Knee Problems

Q: I have bad knees. What exercises can I do, what should I avoid, and what should I do to strengthen my knees?

A: The standard disclaimer - check with a professional - is relevant here. First rule, do no harm. There are lots of ways knees go bad, some more serious than others. You may be contra-indicated (a fancy word that I picked up and haven't been able to shake, like a recurring cold sore, during my PhD studies - it means "bad idea to do") for some movements and not others. Don't do anything on the say-so of some internet or TV informercial jock.

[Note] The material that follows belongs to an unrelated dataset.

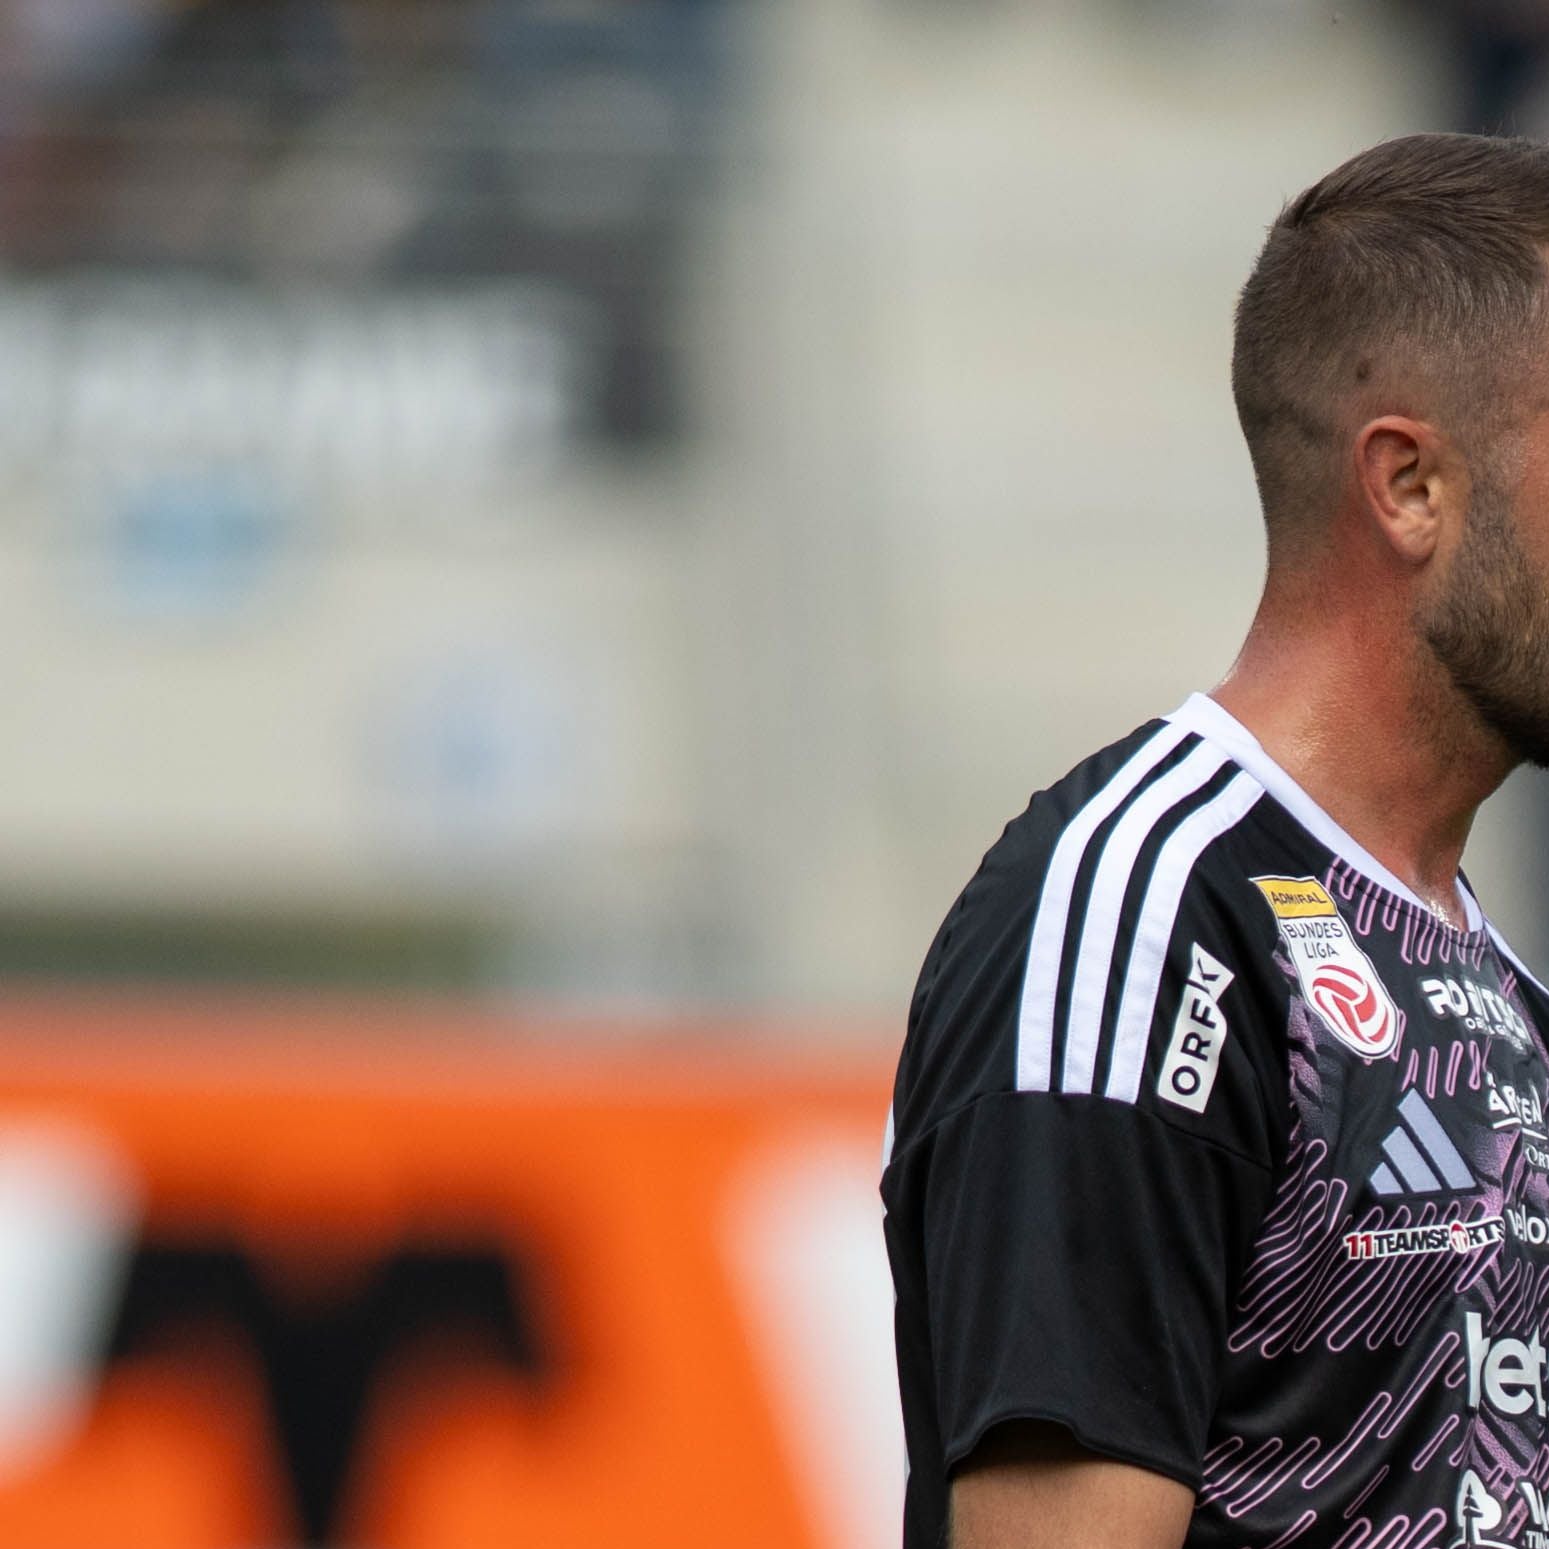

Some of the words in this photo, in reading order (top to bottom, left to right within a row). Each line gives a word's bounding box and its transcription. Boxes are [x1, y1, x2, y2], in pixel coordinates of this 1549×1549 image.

[1272, 890, 1327, 905] ADMIRAL
[1283, 921, 1343, 939] BUNDES
[1304, 941, 1340, 960] LIGA

You may want to experiment with gentle squats, to strengthen all the muscles around the knees.

Also, very important for you will be strenthening the core, so you can protect the knee from buckling if you lose your balance momentarily.

If you like water, swimming sprints will probably be the safest way to get an intense exercise experience.

And believe it or not, I experimented with a running in place playout where I only moved my arms - as fast as I could, pumping them for 30 seconds, then resting for 30 seconds, for a total of 4 reps (4 minutes). I was seriously winded. If that's not a challenge, the Tabata protocol of 20 seconds on / 10 seconds off usually humbles the proud.

Experiment. I'd recommend getting a marble notebook and keeping a knee journal. Keep track of how your knee feels before you exercise, after, and that evening and the next morning.